WordPress & CMS engineering · Fort Erie, Ontario

Two hand chisels side by side on a maple workbench, one worn from decades of use, one new.

I come from a tiny industry town, the kind of place that photographs better than it commutes. Beautiful, scenic, hours from anywhere, and most of the towns you pass on the drive in saw their best decade a while ago. When people ask where I learned to do what I do, they usually expect a company name or a city. The honest answer starts on a street where the mill decided everything, including who got to leave.

The same town, everywhere

Here’s the thing I never expected when I left: I keep arriving back in that town. I’ve found it on Prince Edward Island and in northern Ontario, in Pennsylvania, Maine, Louisiana, and all through the southwest of England. Different accents, same main street. And in every one of them, somebody is sitting at a kitchen table trying to take a first step toward building the next Angry Birds or the next Facebook.

Will they build it? Probably not, almost nobody does, and that’s just as true for the kid whose desk sits upstairs from a YouTube studio in a city with fibre internet. The difference is what happens after the first stumble. The city kid gets to fail forward. She has meetups, mentors, a neighbour who’s shipped software. The kid at the kitchen table has a question and nobody to ask it. Talent shows up everywhere in equal measure. A person willing to answer a question is much rarer, and that gap decides more futures than talent does.

What mentoring looks like from my desk

So I answer. It’s one of the pillars my practice stands on, written down, not a mood. Every engagement I take includes teaching, which means when I build something for a client, somebody on their team learns how it works and why it was built that way. And when a person who is just starting out asks me a question, they get a real answer, at whatever hour the question found me.

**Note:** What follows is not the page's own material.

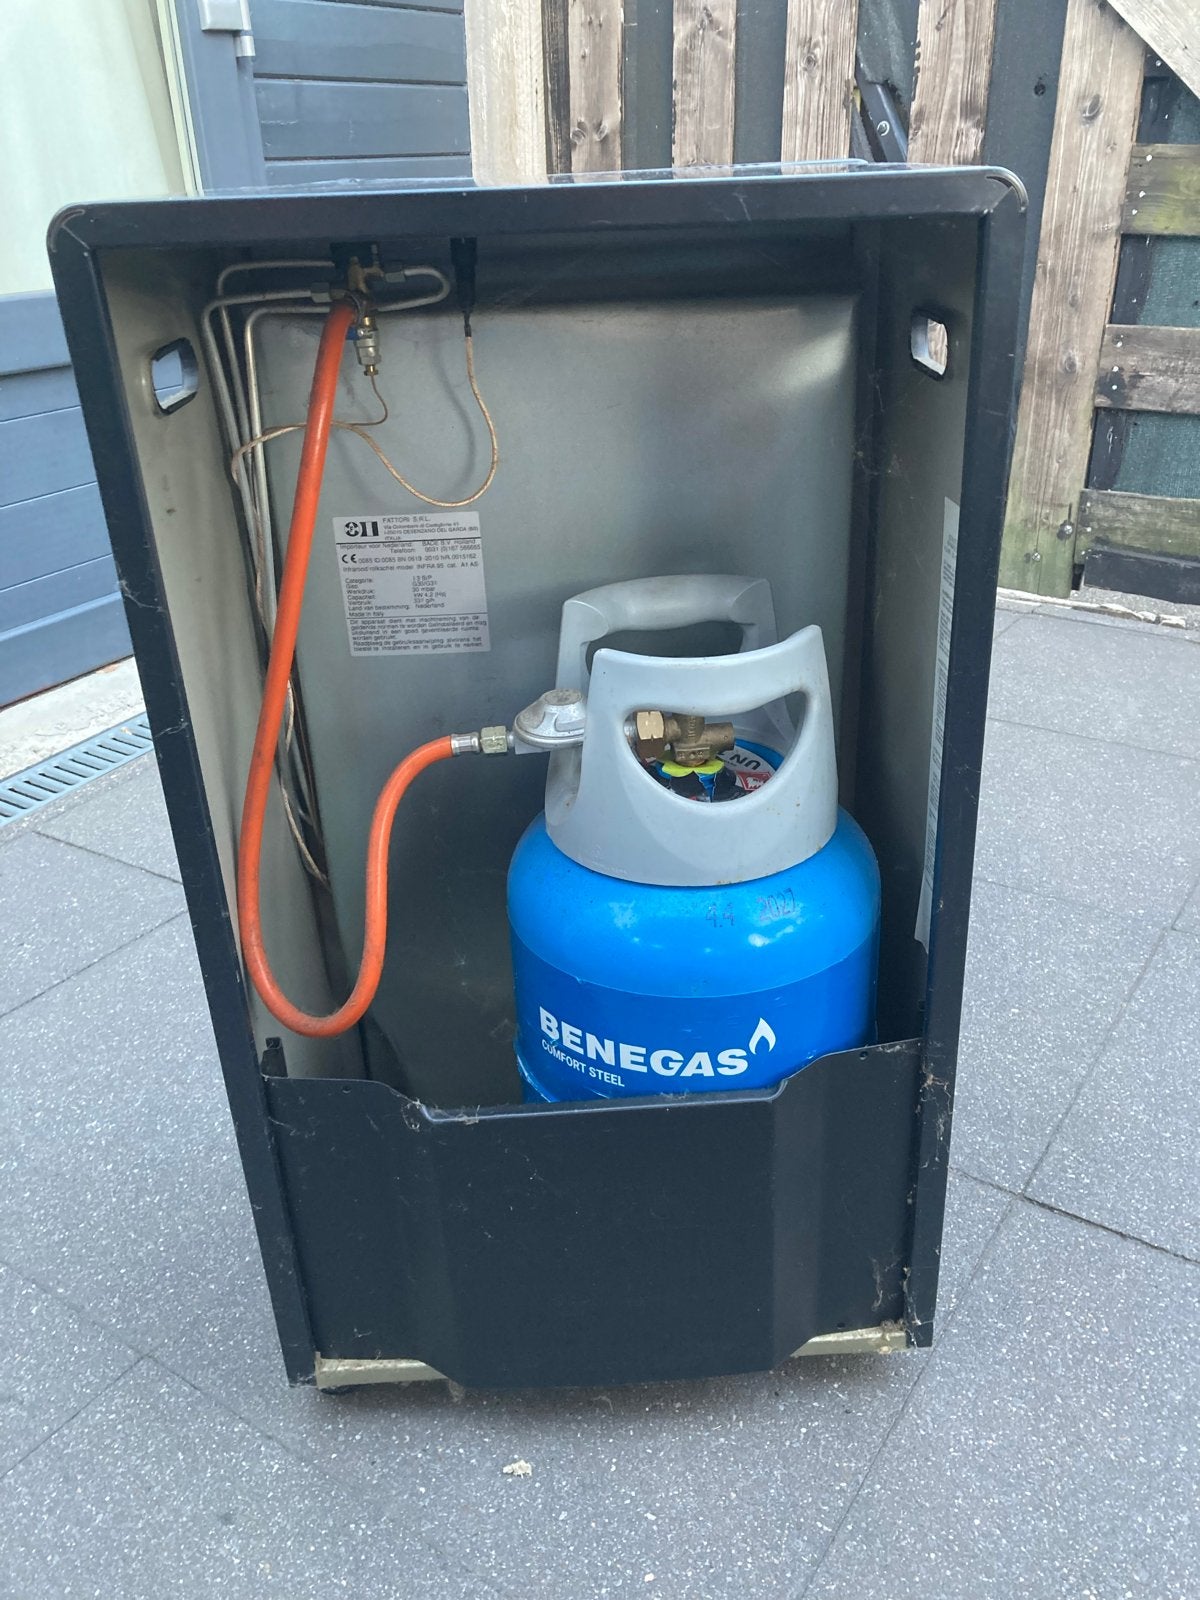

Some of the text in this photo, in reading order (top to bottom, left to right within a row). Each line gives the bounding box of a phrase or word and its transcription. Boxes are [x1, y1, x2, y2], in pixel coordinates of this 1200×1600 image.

[729, 753, 761, 771] UN
[539, 1006, 749, 1077] BENEGAS
[541, 1038, 625, 1087] COMFORT STEEL

I gave a WordCamp talk years ago called Make a Living Giving It Away, and I’ve spent the years since testing the premise. It holds. The more you give to your community without keeping score, the more comes back without you ever chasing it. I’d love to tell you I mentor out of pure nobility, but the honest ledger says generosity has been the best business development I’ve ever done, and it cost me nothing but time I was glad to spend anyway.

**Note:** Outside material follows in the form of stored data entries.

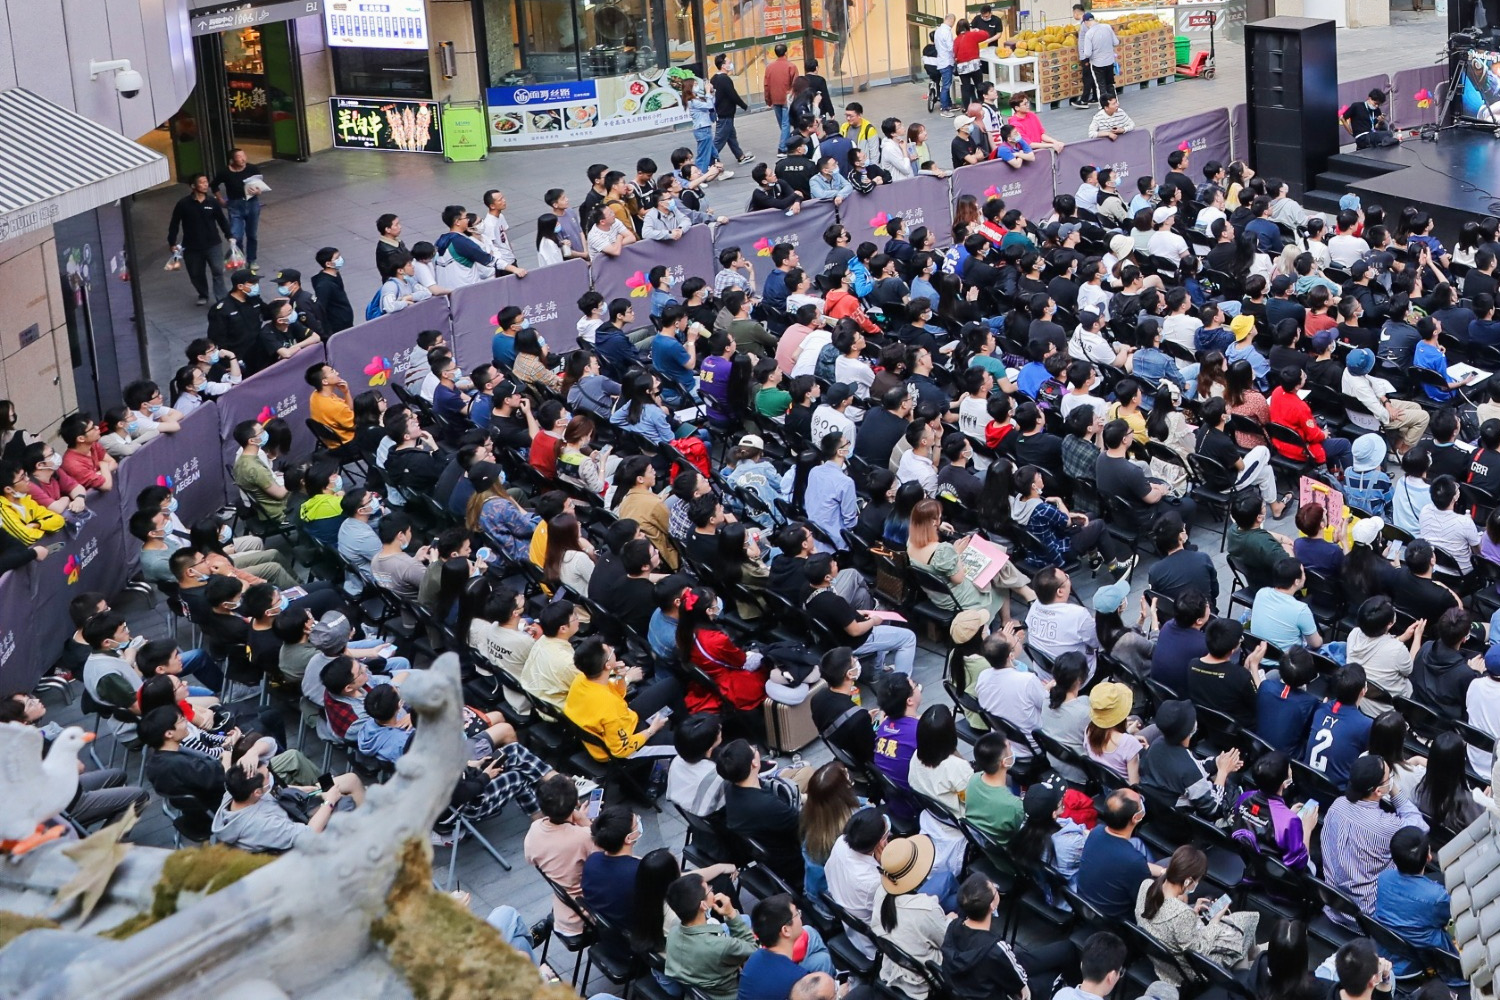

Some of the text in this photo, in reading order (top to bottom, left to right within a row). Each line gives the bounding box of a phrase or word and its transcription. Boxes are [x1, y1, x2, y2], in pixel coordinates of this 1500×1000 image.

[338, 109, 384, 147] 羊肉串
[1001, 181, 1021, 192] 爱琴海
[1002, 189, 1022, 198] AEGEAN
[276, 394, 297, 412] 爱琴海
[277, 403, 298, 418] AEGEAN
[174, 456, 199, 483] 爱琴海
[1470, 461, 1489, 477] GBR
[175, 470, 201, 495] AEGEAN
[80, 536, 98, 561] 爱琴海
[81, 547, 99, 570] AEGEAN
[1322, 715, 1339, 729] FY
[1309, 728, 1333, 773] 2

Some weeks the giving looks like an answered email. Other weeks it looks stranger: I recently spent a stretch of days fixing problems in nine WordPress plugins I don’t own and was never paid to touch, because somebody somewhere is relying on each of them, and because the version of this industry I want to work in is the one where that’s normal. The teaching side of my practice runs on the same fuel.

The question I’m still working on

This is also the question at the centre of my master’s research: how do people in communities that only see fresh produce a few times a week help shape this remarkable moment? I don’t have the whole answer yet. I know it involves access, and I know access usually arrives looking like one person willing to answer.

So if you’re starting from a town like mine, here’s the whole instruction: ask. Find someone doing the thing you want to do and ask the question you’re worried is too basic. Most of us remember our own kitchen table, and answering is how we pay the toll for having gotten out.

And if you’re reading this from the hiring side, a school board leader or a business owner choosing a vendor, here’s the transferable version: ask the people you hire what they plan to teach your team while they work. The vendors worth keeping will have an answer ready, because teaching is how good ones stay hired long after the contract could have ended.